Opening Remarks
I have a new hobby. Remixing songs.
When I was in college, I was first introduced to the world of putting music together via computers, and fell in love with the process. I was in the studio at all hours programming away, and became addicted.
Flash forward, after a couple of years of letting GarageBand sit on my computer, I decided to play around with it one day, and I was hooked. Instantly But it wasn’t enough fun to just record my own songs I wanted to rip stuff apart and put it back together again. It was a strange craving.
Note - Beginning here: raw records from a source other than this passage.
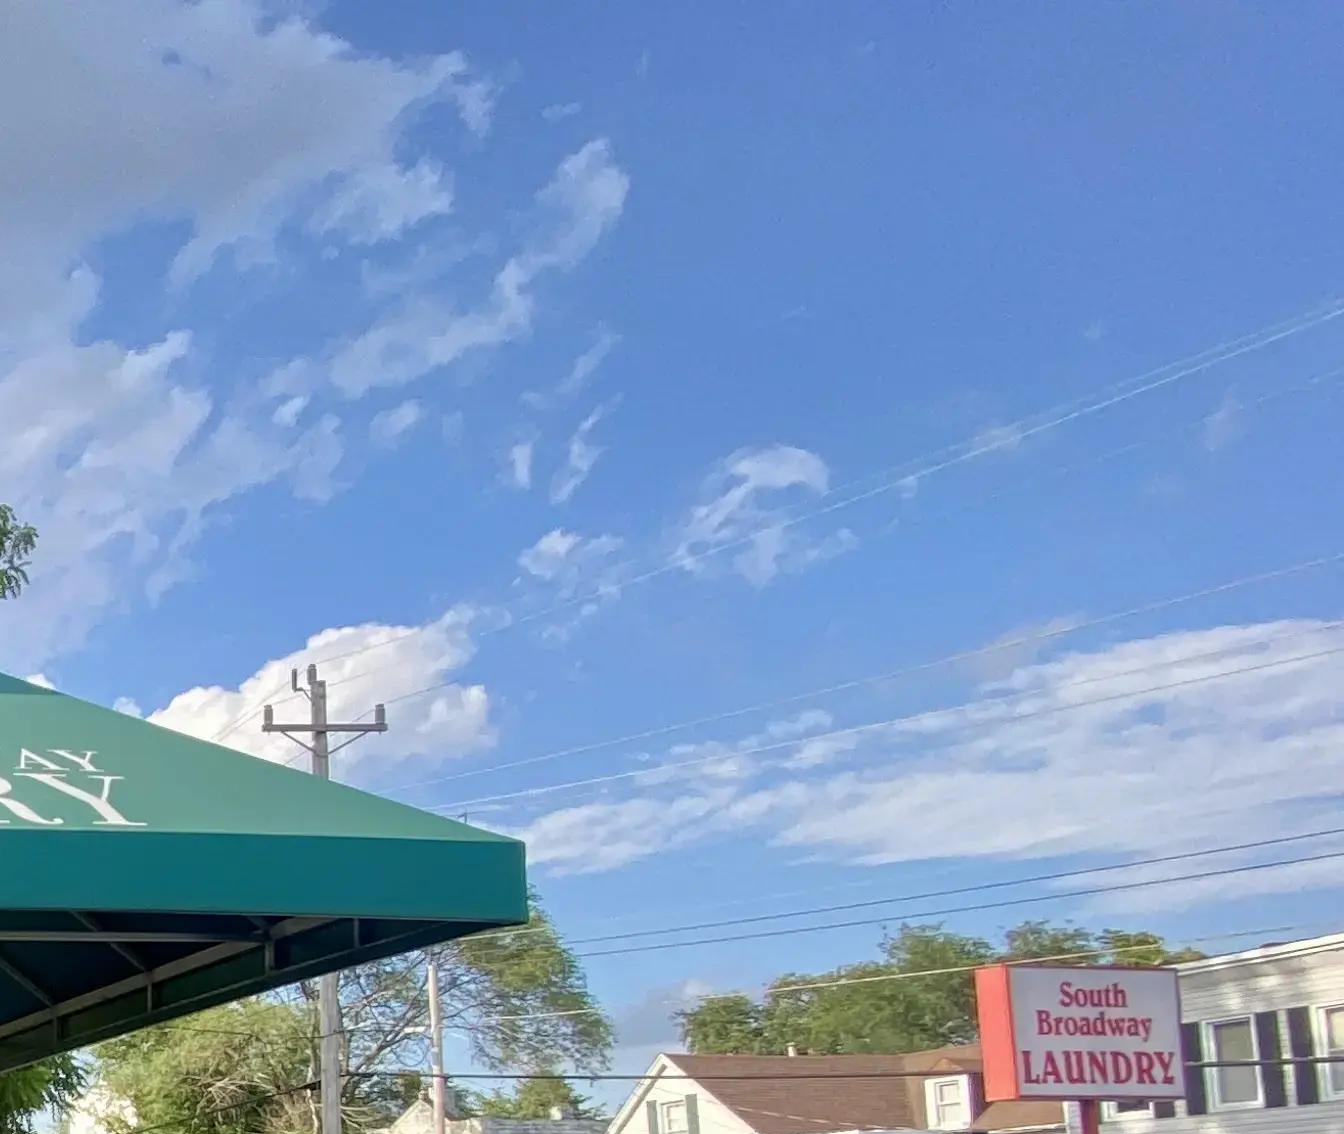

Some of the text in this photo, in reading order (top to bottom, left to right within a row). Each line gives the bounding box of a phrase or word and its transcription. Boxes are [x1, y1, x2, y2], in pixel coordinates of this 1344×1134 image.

[1058, 981, 1128, 1008] South
[1035, 1010, 1153, 1042] Broadway
[1020, 1050, 1176, 1085] LAUNDRY
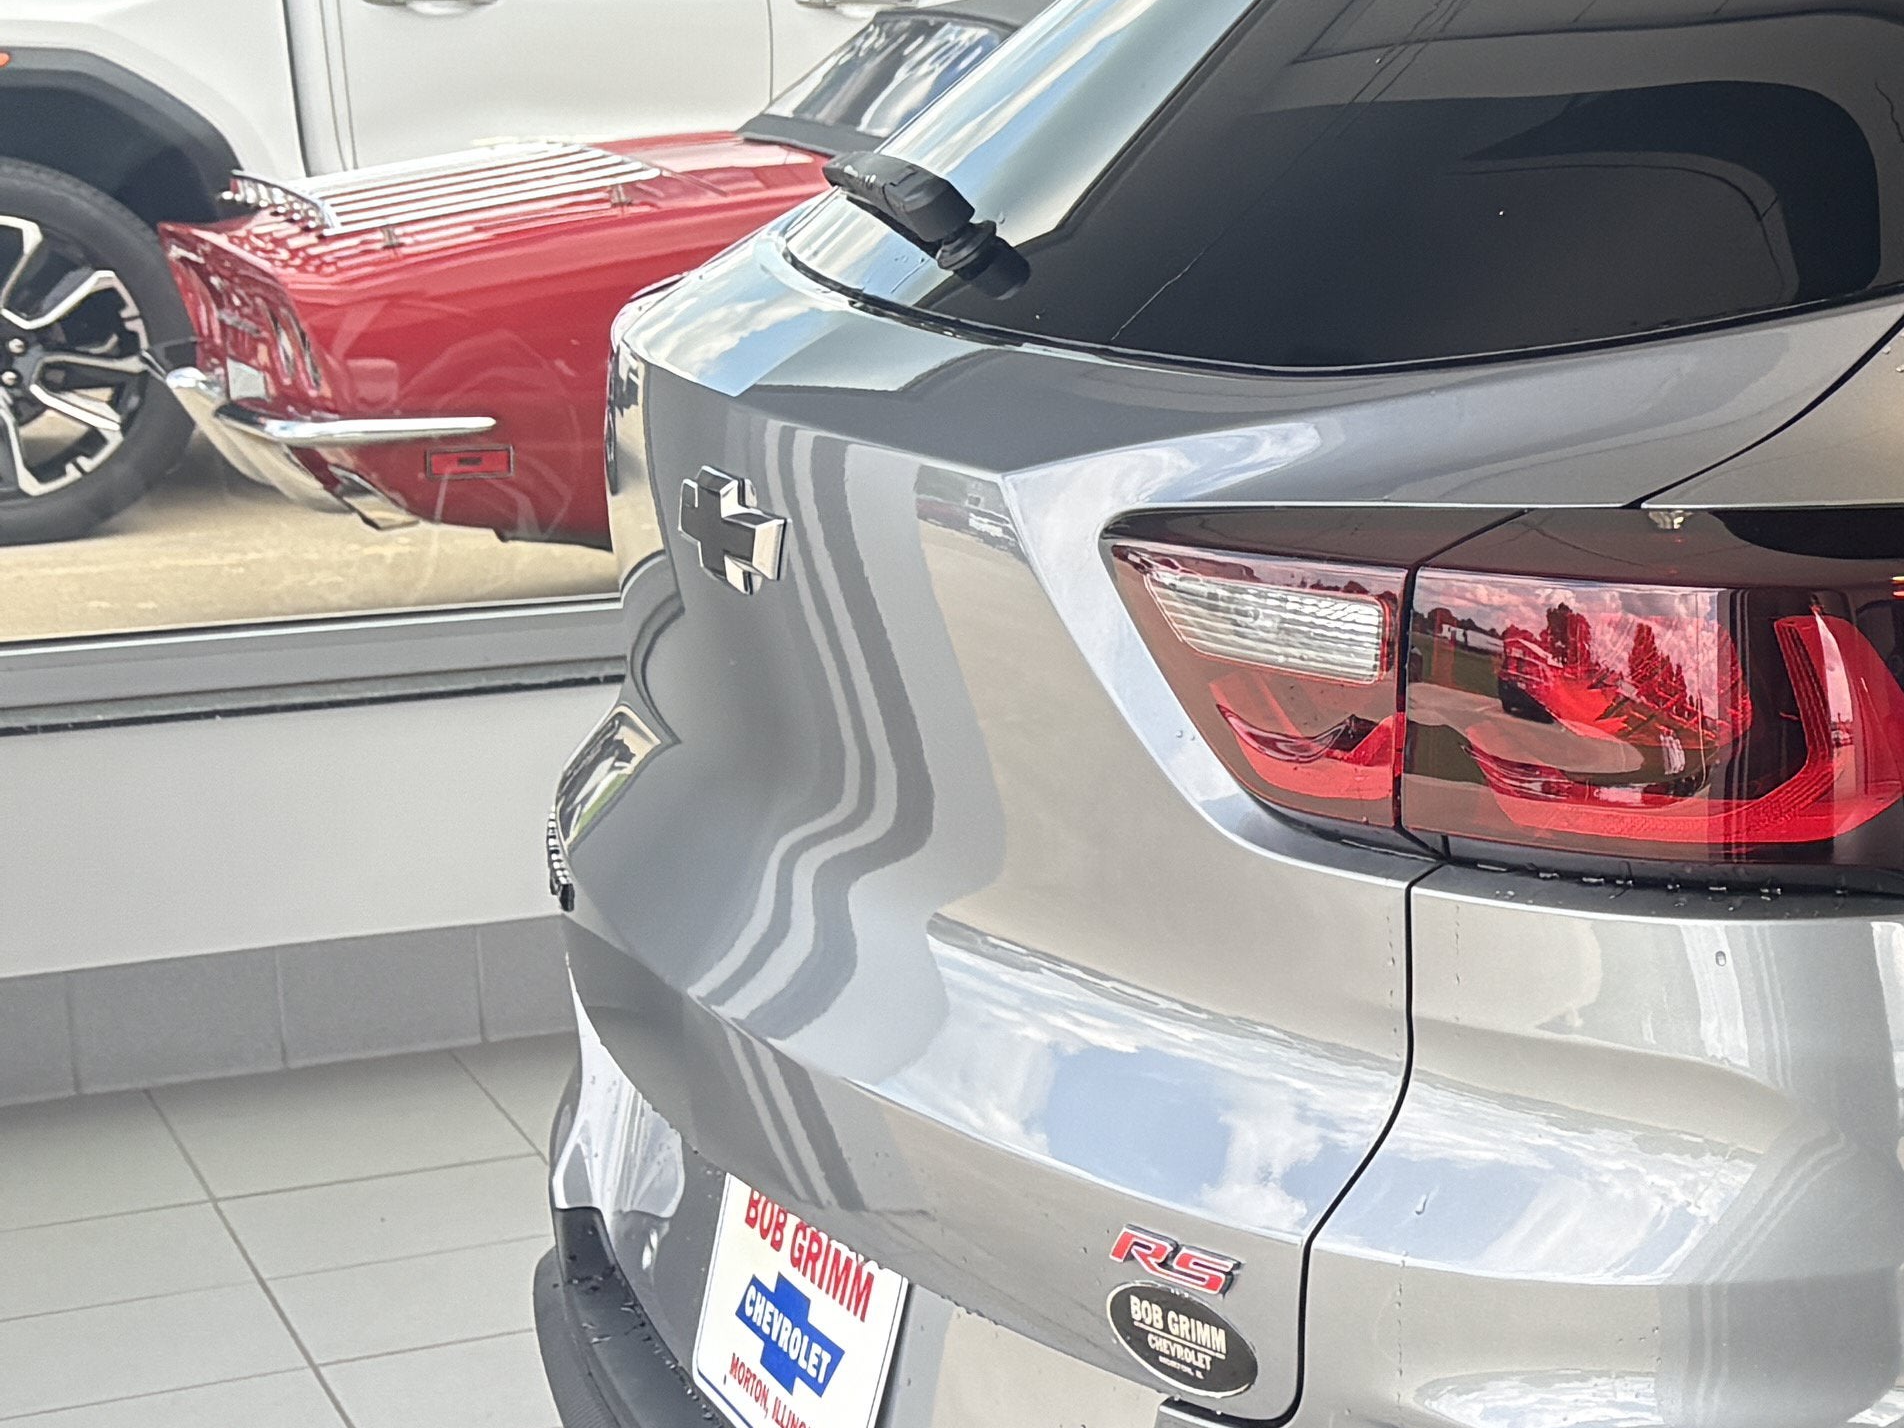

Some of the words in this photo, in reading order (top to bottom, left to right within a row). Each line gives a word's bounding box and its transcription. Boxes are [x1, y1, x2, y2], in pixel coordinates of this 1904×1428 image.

[744, 1187, 788, 1253] BOB
[789, 1221, 875, 1323] GRIMM
[1109, 1224, 1240, 1296] RS
[744, 1284, 832, 1384] CHEVROLET
[1129, 1294, 1164, 1330] BOB
[1167, 1310, 1227, 1354] GRIMM
[1147, 1332, 1212, 1371] CHEVROLET
[729, 1352, 769, 1418] MORTON,
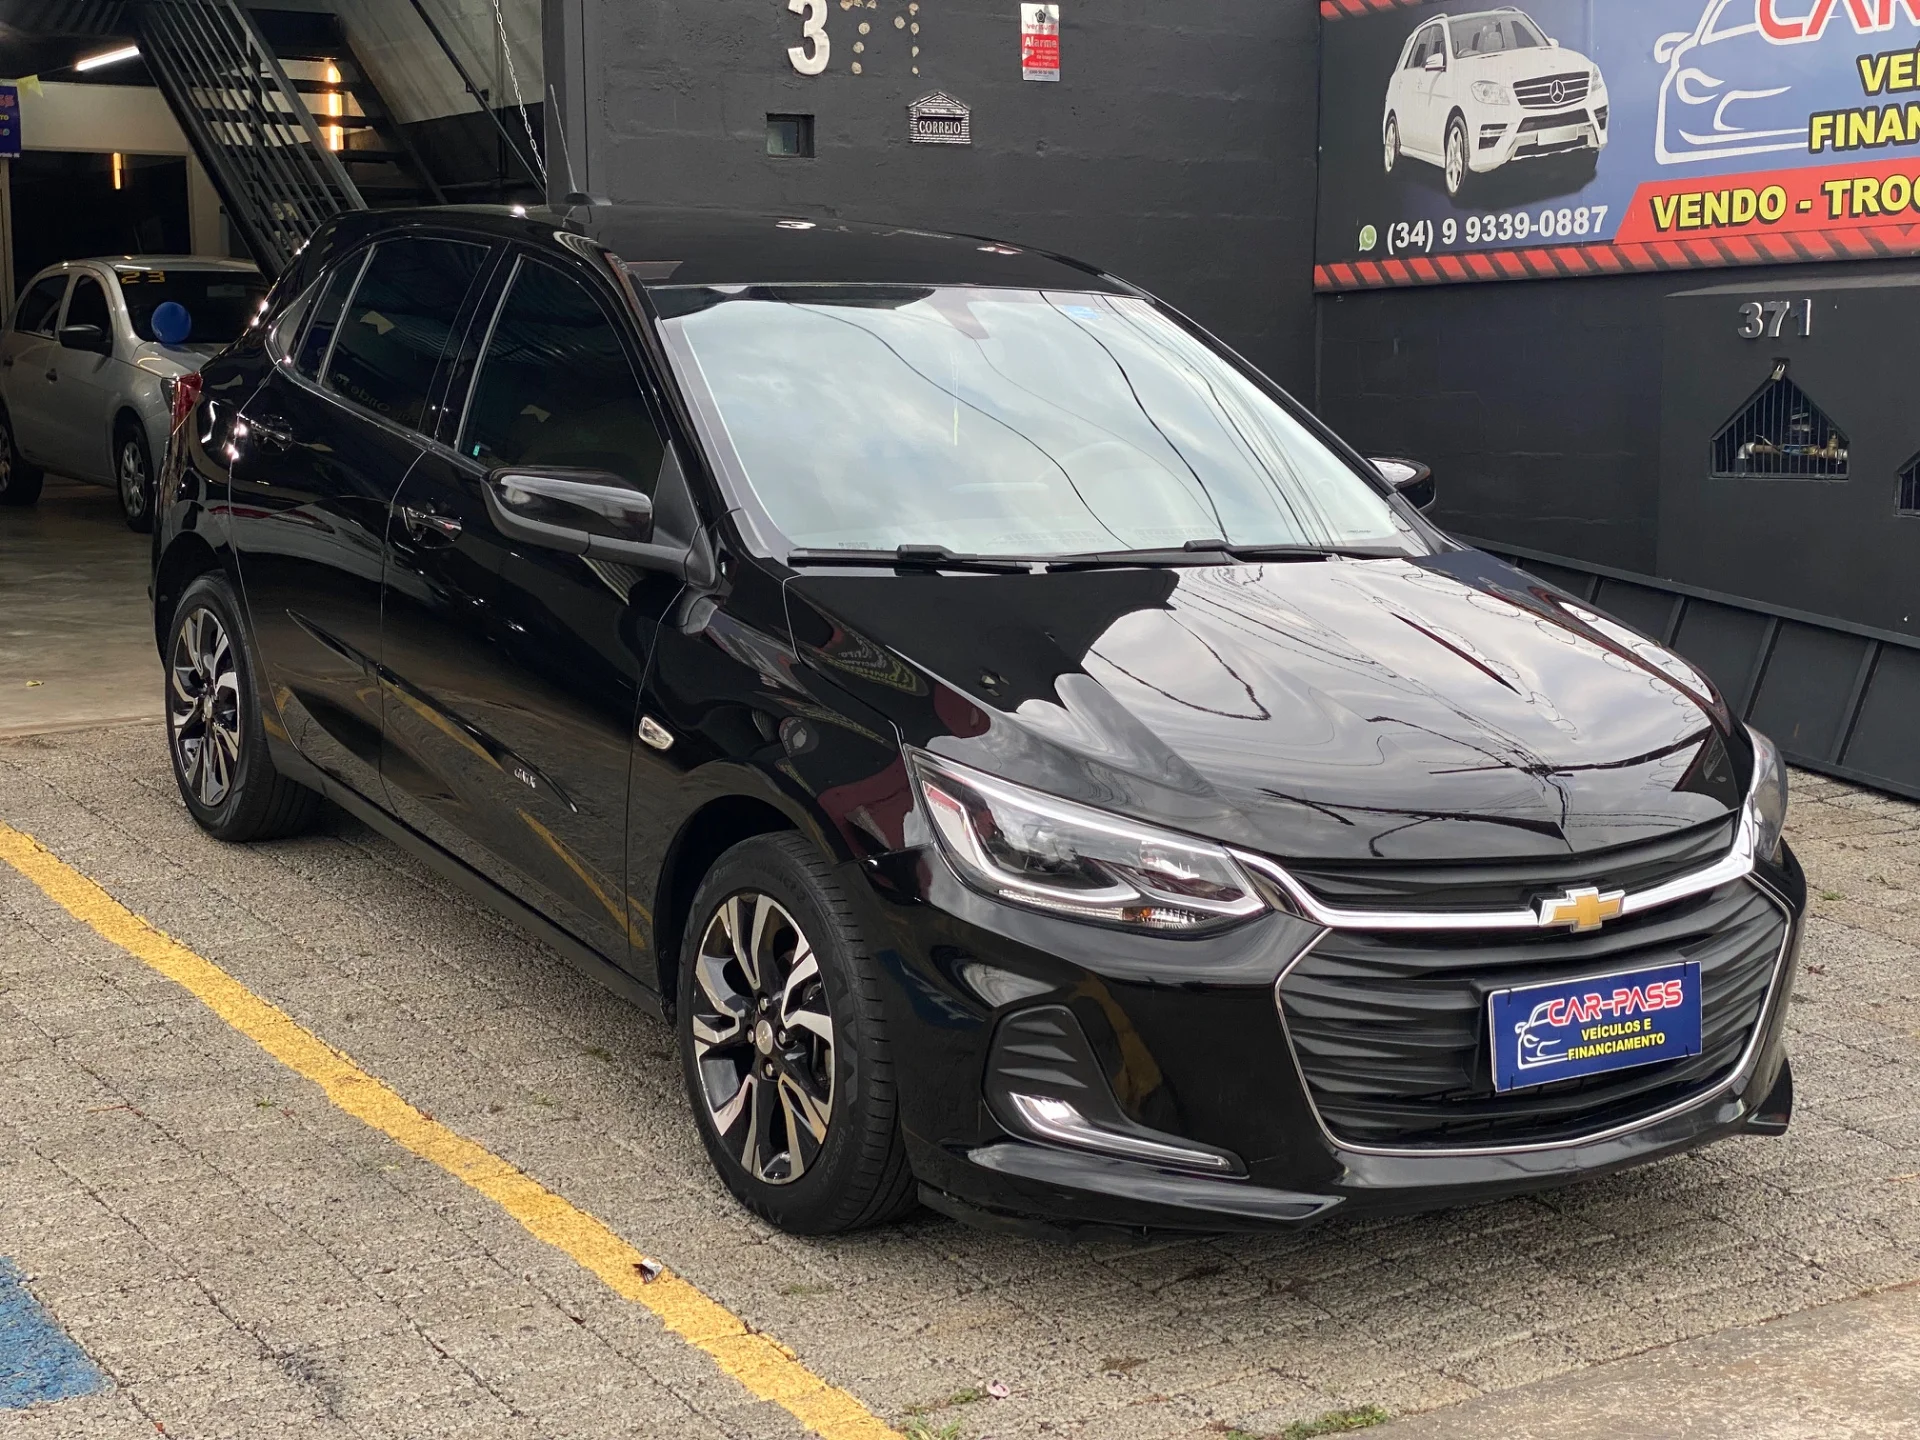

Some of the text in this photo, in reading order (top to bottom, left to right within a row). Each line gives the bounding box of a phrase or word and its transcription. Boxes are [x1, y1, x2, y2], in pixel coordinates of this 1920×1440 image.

So I stared with your standard emo-pop ballad, sped it up to twice it’s speed, and began. First I began the painstaking journey of matching a drum loop, determining the tempo, and syncing it up with every phrase. Then, I added a groovy synth bass line. Miss a few notes? No problem – drag and drop it to it’s new location. A shaker here, and additional drum loop for texture, and I was done. What a geeky, technological rush of adrenaline.
There is something amazing about taking something and seeing it in a different light. But sometimes in order to do so, you have to take it apart. You have to expose it. You have to let some parts stand on their own, and you have to mute others. You have to try new pairings of ideas. You have to cut, paste, and shift. And more than anything, you have to be open to the synergy that arises when the newly arranged elements begin to evolve into a new monster.
In ministry we spend so many hours trying to reinvent the wheel, when instead what we need to do is use the wheel. We spend hours at our coffeeshop haunt trying to come up with new snazzy ideas, and beat ourselves up trying to come up with teaching that noone has ever stumbled on before, all in an effort to keep ourselves from being bored of using..the wheel.
But we forget. Many people have never seen the wheel before. Ever.
We can’t throw it out and start over – why would we? If we’re not careful, we will turn around and wonder how we got so far away from the basic, fundamental, functional elements of the church that people so desperately need to experience.
Familiarity breeds comfort. You hear a song you know, you are set at ease. You hear a few new tweaks and changes here and there, and you appreciate the new context. More than anything, now they’ve got your attention.